The low subscription rate for campaign 51472 may be due to the higher contract price after trial (contract_monthly_price) of £9.65 compared to £6.99 seen for other Standard product contracts.

data_clean %>% 
   filter(campaign_code == '51472') %>% 
   filter(trial_length == '1M') %>% 
   group_by(contract_monthly_price, product_group, campaign_code) %>% 
   count() %>% 
   ungroup() %>% 
   kable(align = 'c')

contract_monthly_price  product_group  campaign_code   n 
         9.65             Standard         51472      128

RECOMMENDATION 2: Investigate different price points for standard product as lower price point could boost take up


Analysis Structure

In this analysis I want to understand what factors make a customer subscribe after a trial and to do so, I need to identify what approach is best suited for the type and cut of data I have at my disposal, and to define a measure of success.

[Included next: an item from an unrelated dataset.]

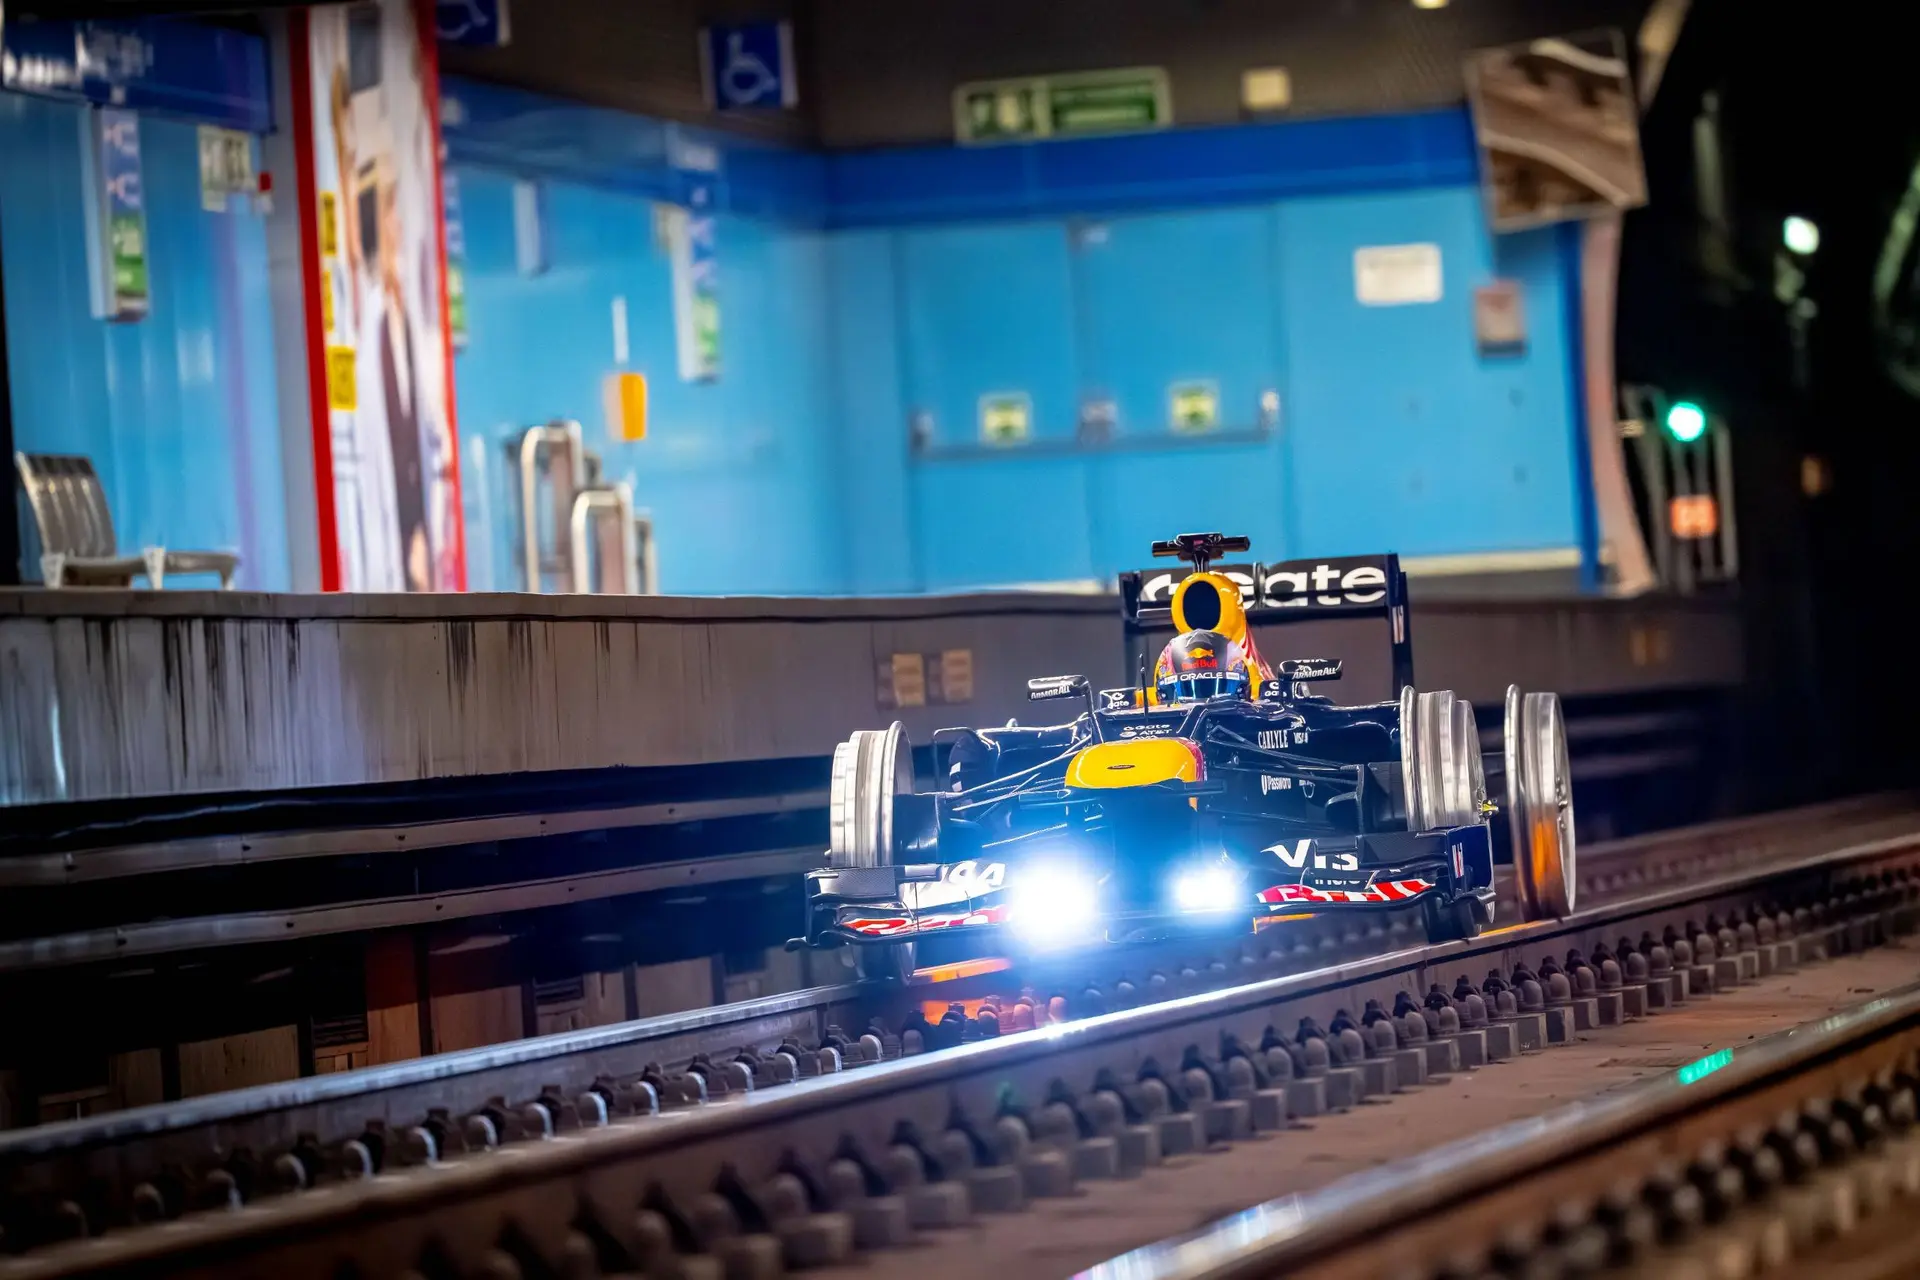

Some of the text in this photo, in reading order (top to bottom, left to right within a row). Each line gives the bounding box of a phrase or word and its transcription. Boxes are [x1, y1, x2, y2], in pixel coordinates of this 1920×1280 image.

  • APPROACH: The data is a snapshot in time and as such does not lend itself to any time-based type of analysis. In such cases, one of the best suited approaches to extract insight is clustering, which is especially good when you have no prior domain knowledge to guide you. However, the fact that data is a mix of categorical and numerical features requires a slightly different approach, which I discuss in the next section.
  • MEASURE: The perfect candidate to measure success is Subscription Rate defined as Active / Total Subscribers. The an focus on 1-month trial subscribers also ensures a clear cut window for analysis as their status reflects whether they signed up 3 MONTHS AFTERWARDS.


Methodology

When I started to research cluster analysis with mix categorical and numerical data, I came across an excellent post on Towards Data Science entitled Clustering on mixed type data, from which I borrowed the core analysis coding and adjusted it to my needs. In his article, Thomas Filaire shows how to use the PAM clustering algorithm (Partitioning Around Medoids) to perform the clustering and the silhouette coefficient to select the optimal number of clusters.

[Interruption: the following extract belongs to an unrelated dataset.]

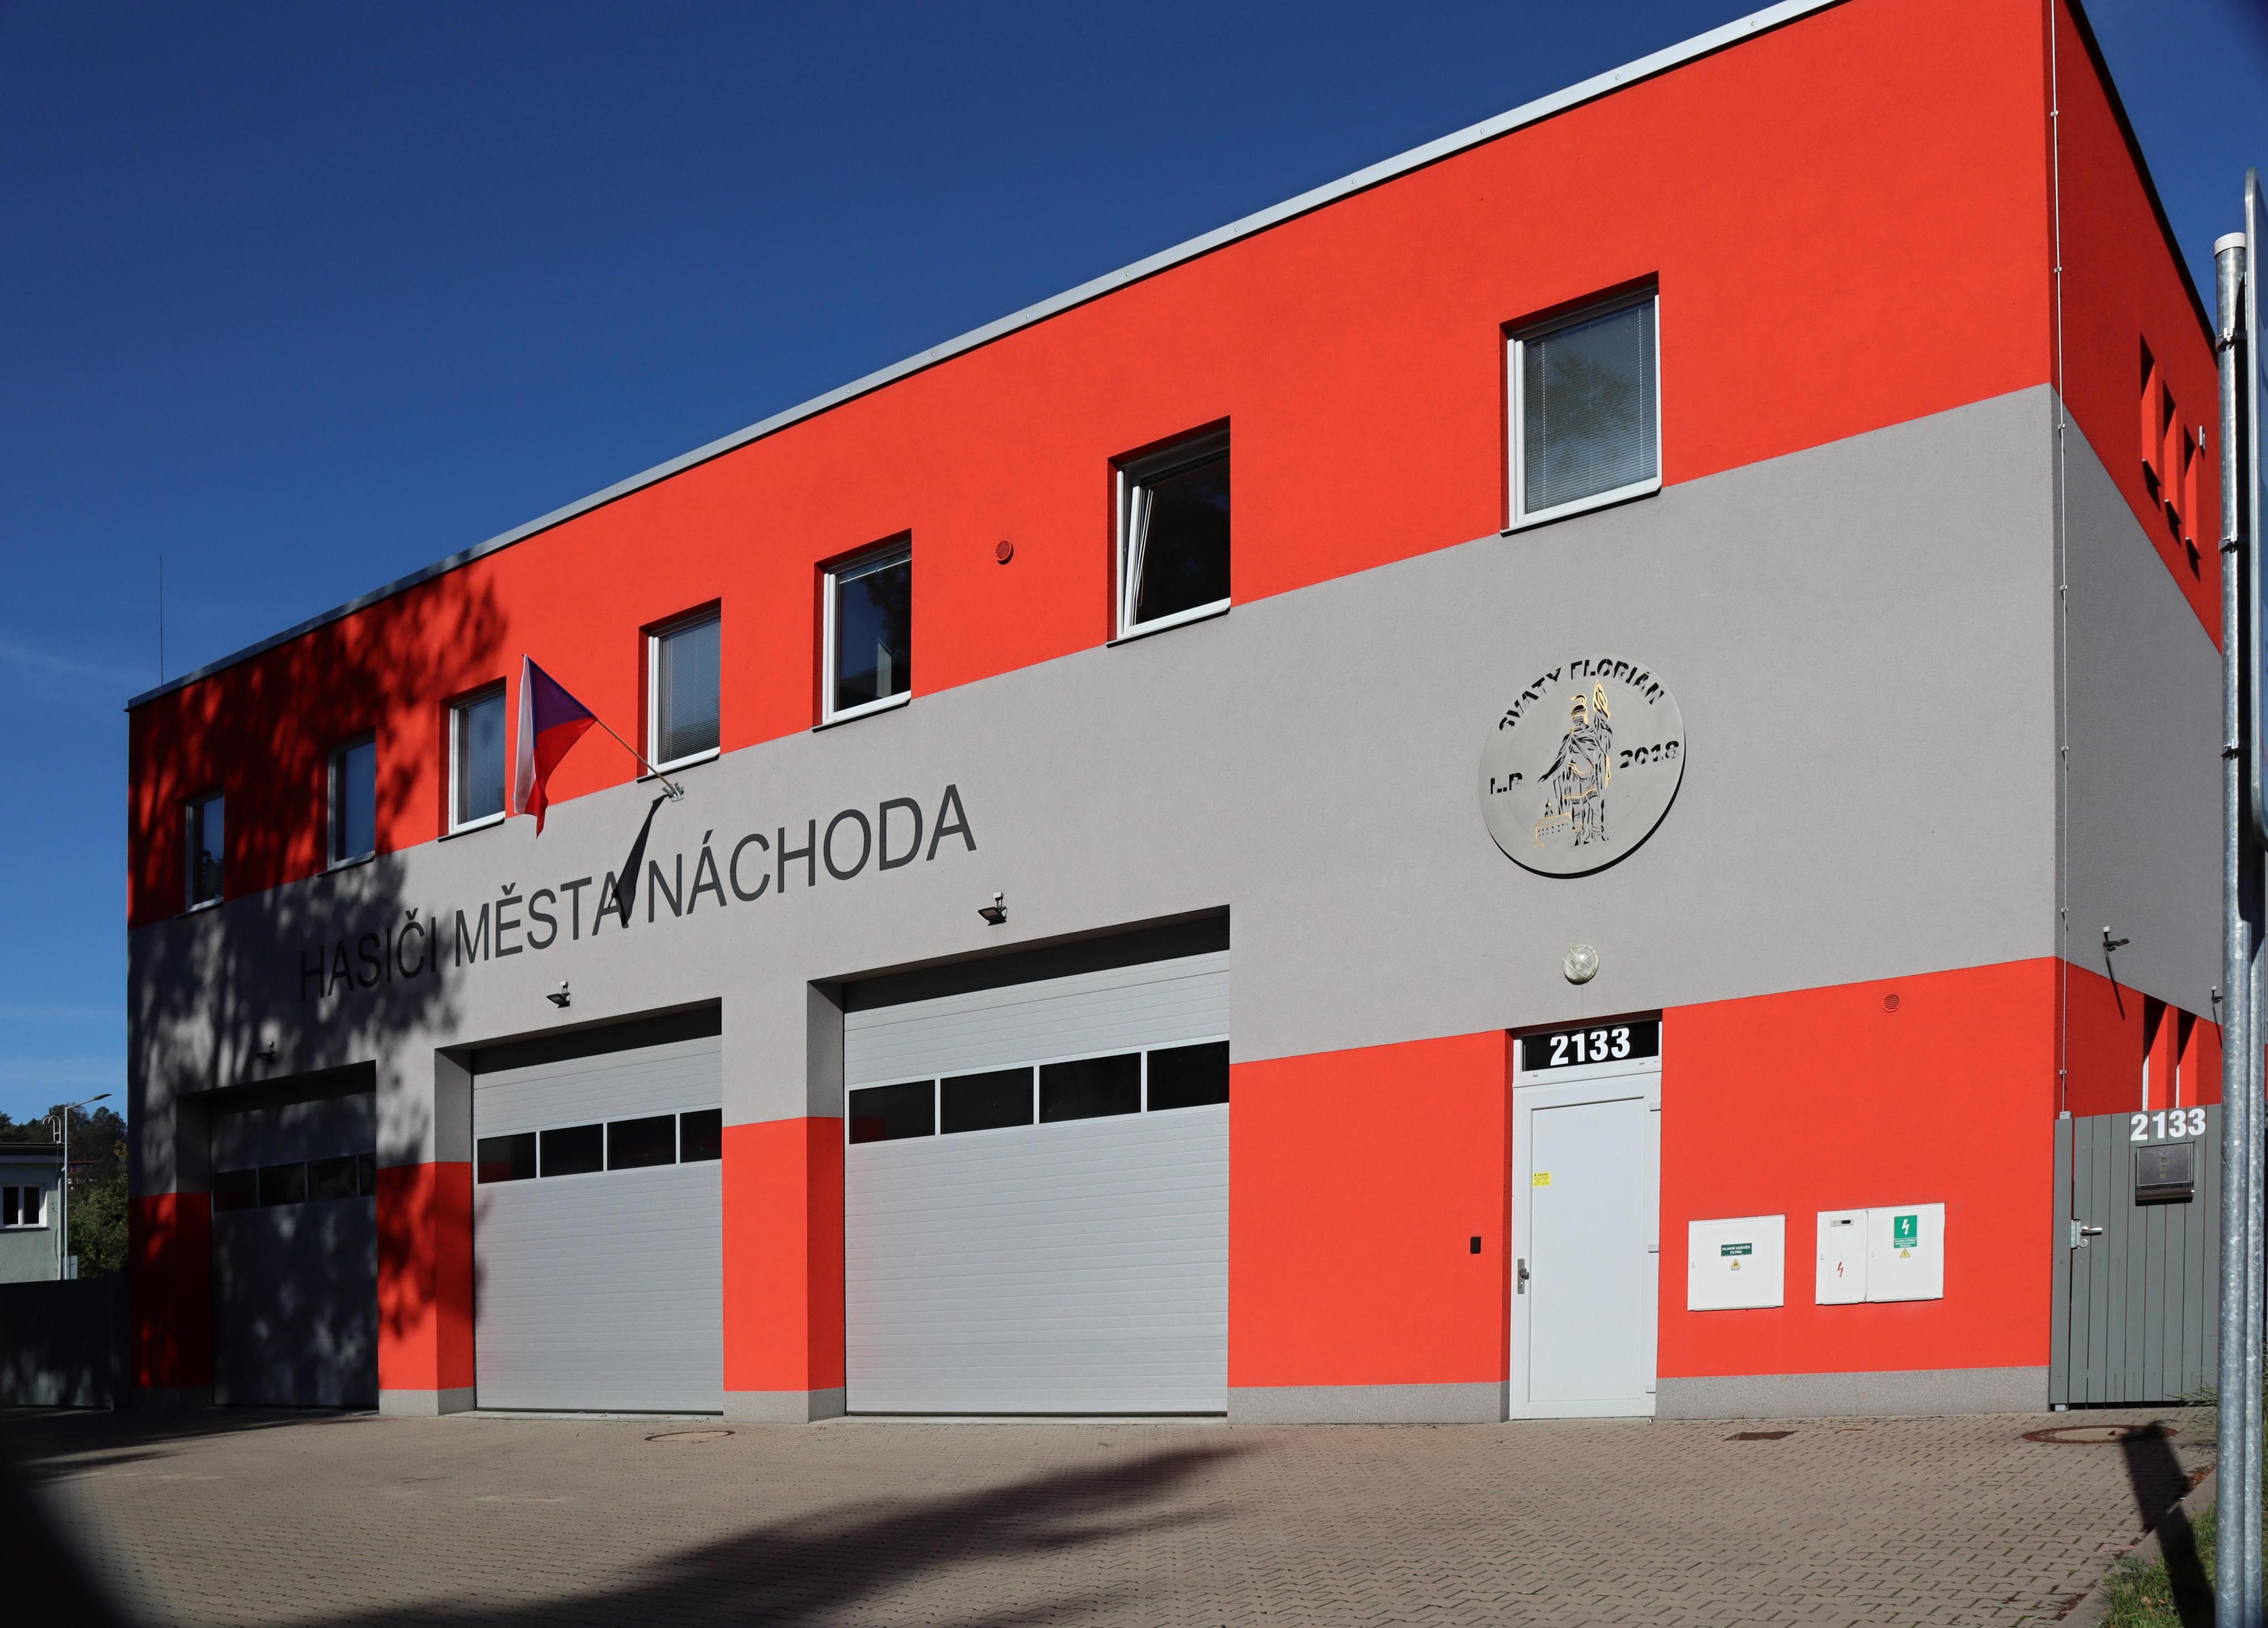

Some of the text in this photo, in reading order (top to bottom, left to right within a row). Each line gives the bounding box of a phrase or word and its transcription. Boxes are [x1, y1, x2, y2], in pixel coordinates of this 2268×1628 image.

[1620, 741, 1679, 768] 2018
[301, 784, 977, 1002] HASIČI MĚSTA NÁCHODA
[1550, 1025, 1630, 1066] 2133
[2130, 1108, 2206, 1141] 2133

The K-medoid, also know as PAM, is a clustering algorithm similar to the more popular K-means algorithm. K-means and K-medoids work in similar ways in that they create groups in your data and work on distances (often referred to as dissimilarities) as they ensure that elements in each group are very similar to one another by minimising the distance within each cluster. However, K-medoids has the advantage of working on distances other than numerical and lends itself well to analyse mixed-type data that include both numerical and categorical features.

I’m going to calculate the dissimilarities between observations with the help of the daisy function from the cluster library, which allows to choose between a number of methods (“euclidean”, “manhattan” and “gower”) to run the calculations. The Gower’s distance (1971) is of particular interest to us as it computes dissimilarities on a [0 1] range regardless of whether the input is numerical or categorical, hence making them comparable.

Clustering

I’m going to segment the subscription data by the following 5 dimensions:

  • Status: Active / Cancelled
  • Product Group: Standard / Premium
  • Top 3 Campaigns by Subscription Numbers: 56472 / 56972 / 57572
  • Payment Method: Credit Card / Direct Debit / PayPal
  • Contract Monthly Price: £6.99 / £15

I’ll start with selecting the cut of the data I need for the clustering. I’m keeping account_id for my reference but will not pass it to the algorithm.

clust_data <-
   data_clean %>% 
      # filtering by the top 3 campaigns
   filter(campaign_code %in% c('57572', '56472', '56972')) %>%
      # selecting 1M trial subscriptions
   filter(trial_length == '1M') %>% 
      # select features to cluster by
   select(account_id, status, product_group, campaign_code, 
          contract_monthly_price, payment_method
          ) %>% 
      # setting all features as factors
   mutate(
        account_id           = account_id %>% as_factor(),
        status                 = status %>% as_factor(),
        product_group          = product_group %>% as_factor(),
        campaign_code          = campaign_code %>% as_factor(),
        contract_monthly_price = contract_monthly_price %>% as_factor(),
        payment_method         = payment_method %>% as_factor()
    )

Then, I compute the Gower distance with the daisy function from the cluster package. The “Gower’s distance” would automatically be selected if some features in the data are not numeric but I prefer to spell it out anyway.

gower_dist <- 
  clust_data %>% 
    # de-select account_id
    select(2:6) %>%   
    daisy(metric = "gower")

And that’s that! You’re set to go!

Assessing the Clusters

There are a number of methods to establish the optimal number of clusters to use but in this study I’m using the silhouette coefficient, which contrasts the average distance of elements in the same cluster with average distance of elements in other clusters. In other words, each additional cluster is adding “compactness” to the individual segment, bringing their elements closer together, whilst “moving” each cluster further apart from one another.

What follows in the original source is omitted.